REQUIREMENT: What you return should be exactly the lines from the one containing "this 2324×1583 image." down to the final line of the listing, with nothing else.

[RECORDS FOR THE TASK Boundary: Start]

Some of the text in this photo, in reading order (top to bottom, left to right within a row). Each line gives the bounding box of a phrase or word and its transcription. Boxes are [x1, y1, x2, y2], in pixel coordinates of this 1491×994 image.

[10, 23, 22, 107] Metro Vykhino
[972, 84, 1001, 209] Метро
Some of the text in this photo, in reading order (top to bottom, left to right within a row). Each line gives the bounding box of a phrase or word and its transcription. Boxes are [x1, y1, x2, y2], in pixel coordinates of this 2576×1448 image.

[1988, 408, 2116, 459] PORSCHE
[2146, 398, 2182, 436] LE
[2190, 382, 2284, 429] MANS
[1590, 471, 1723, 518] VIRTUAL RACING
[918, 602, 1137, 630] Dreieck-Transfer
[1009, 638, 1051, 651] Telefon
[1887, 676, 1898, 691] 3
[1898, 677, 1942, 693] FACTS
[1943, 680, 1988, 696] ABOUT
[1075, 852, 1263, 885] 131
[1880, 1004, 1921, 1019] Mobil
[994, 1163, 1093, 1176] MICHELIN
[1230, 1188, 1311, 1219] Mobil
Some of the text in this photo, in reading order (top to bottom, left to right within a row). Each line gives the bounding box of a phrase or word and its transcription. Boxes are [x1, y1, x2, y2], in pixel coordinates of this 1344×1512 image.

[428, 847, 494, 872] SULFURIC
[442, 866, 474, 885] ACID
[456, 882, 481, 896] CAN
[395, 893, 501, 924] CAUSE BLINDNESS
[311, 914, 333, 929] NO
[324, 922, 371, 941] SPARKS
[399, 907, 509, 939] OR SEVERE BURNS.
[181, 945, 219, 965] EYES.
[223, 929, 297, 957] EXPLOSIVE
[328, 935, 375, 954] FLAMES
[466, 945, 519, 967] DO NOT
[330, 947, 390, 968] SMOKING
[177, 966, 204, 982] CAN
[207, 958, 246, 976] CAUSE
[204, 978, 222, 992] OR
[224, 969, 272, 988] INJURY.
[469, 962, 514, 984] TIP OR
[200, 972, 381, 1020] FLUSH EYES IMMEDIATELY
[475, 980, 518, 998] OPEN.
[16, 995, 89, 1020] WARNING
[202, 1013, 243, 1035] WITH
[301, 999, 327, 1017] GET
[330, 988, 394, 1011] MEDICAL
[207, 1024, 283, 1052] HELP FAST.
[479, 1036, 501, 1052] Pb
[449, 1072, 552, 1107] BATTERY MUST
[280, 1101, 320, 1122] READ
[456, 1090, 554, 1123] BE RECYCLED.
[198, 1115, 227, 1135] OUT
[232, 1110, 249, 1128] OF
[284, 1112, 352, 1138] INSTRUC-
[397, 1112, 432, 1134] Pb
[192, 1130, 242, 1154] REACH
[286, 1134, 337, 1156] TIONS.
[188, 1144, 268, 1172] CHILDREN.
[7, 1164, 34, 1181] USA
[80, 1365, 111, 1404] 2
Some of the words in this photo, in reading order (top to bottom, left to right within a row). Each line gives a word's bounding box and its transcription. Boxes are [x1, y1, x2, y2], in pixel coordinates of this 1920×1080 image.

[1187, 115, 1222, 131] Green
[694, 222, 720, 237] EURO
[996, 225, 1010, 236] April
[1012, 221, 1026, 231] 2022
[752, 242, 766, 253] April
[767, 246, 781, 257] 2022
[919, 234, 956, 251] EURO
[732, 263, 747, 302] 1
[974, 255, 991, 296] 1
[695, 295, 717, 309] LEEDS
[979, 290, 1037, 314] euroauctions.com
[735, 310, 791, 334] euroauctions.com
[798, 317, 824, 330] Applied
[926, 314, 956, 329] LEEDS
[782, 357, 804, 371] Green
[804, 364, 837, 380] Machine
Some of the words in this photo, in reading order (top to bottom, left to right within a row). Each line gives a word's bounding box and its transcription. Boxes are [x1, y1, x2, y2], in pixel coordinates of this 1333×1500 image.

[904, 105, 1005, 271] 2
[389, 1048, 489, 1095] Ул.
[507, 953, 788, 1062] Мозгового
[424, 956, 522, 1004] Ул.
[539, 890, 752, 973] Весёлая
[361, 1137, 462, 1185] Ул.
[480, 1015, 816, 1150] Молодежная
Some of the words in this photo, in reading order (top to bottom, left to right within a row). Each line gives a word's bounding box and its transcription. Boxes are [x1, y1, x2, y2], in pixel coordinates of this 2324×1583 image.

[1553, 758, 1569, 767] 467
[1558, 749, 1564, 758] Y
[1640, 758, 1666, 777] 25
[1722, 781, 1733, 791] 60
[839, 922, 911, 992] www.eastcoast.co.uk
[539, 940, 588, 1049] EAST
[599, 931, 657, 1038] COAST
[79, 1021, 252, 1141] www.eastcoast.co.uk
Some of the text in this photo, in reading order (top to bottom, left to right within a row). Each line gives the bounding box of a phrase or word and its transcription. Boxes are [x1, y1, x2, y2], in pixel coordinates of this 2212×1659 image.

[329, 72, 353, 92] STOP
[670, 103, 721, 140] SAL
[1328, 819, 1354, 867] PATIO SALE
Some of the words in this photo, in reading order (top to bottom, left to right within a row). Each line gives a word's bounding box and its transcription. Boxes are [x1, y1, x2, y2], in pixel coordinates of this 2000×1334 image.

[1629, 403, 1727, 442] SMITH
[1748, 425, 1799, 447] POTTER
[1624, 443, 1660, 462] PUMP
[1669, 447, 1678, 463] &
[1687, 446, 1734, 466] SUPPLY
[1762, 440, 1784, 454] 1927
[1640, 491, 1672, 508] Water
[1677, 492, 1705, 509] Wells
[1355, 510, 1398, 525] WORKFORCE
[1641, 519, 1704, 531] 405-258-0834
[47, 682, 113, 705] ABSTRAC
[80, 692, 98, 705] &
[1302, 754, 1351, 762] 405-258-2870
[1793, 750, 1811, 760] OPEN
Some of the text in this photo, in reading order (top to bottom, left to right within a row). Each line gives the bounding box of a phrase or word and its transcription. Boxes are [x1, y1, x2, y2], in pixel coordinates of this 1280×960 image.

[RECORDS FOR THE TASK Boundary: End]

ANSWER FOR THE TASK:
Some of the words in this photo, in reading order (top to bottom, left to right within a row). Each line gives a word's bounding box and its transcription. Boxes are [x1, y1, x2, y2], in pixel coordinates of this 2324×1583 image.

[1553, 758, 1569, 767] 467
[1558, 749, 1564, 758] Y
[1640, 758, 1666, 777] 25
[1722, 781, 1733, 791] 60
[839, 922, 911, 992] www.eastcoast.co.uk
[539, 940, 588, 1049] EAST
[599, 931, 657, 1038] COAST
[79, 1021, 252, 1141] www.eastcoast.co.uk
Some of the text in this photo, in reading order (top to bottom, left to right within a row). Each line gives the bounding box of a phrase or word and its transcription. Boxes are [x1, y1, x2, y2], in pixel coordinates of this 2212×1659 image.

[329, 72, 353, 92] STOP
[670, 103, 721, 140] SAL
[1328, 819, 1354, 867] PATIO SALE
Some of the words in this photo, in reading order (top to bottom, left to right within a row). Each line gives a word's bounding box and its transcription. Boxes are [x1, y1, x2, y2], in pixel coordinates of this 2000×1334 image.

[1629, 403, 1727, 442] SMITH
[1748, 425, 1799, 447] POTTER
[1624, 443, 1660, 462] PUMP
[1669, 447, 1678, 463] &
[1687, 446, 1734, 466] SUPPLY
[1762, 440, 1784, 454] 1927
[1640, 491, 1672, 508] Water
[1677, 492, 1705, 509] Wells
[1355, 510, 1398, 525] WORKFORCE
[1641, 519, 1704, 531] 405-258-0834
[47, 682, 113, 705] ABSTRAC
[80, 692, 98, 705] &
[1302, 754, 1351, 762] 405-258-2870
[1793, 750, 1811, 760] OPEN
Some of the text in this photo, in reading order (top to bottom, left to right within a row). Each line gives the bounding box of a phrase or word and its transcription. Boxes are [x1, y1, x2, y2], in pixel coordinates of this 1280×960 image.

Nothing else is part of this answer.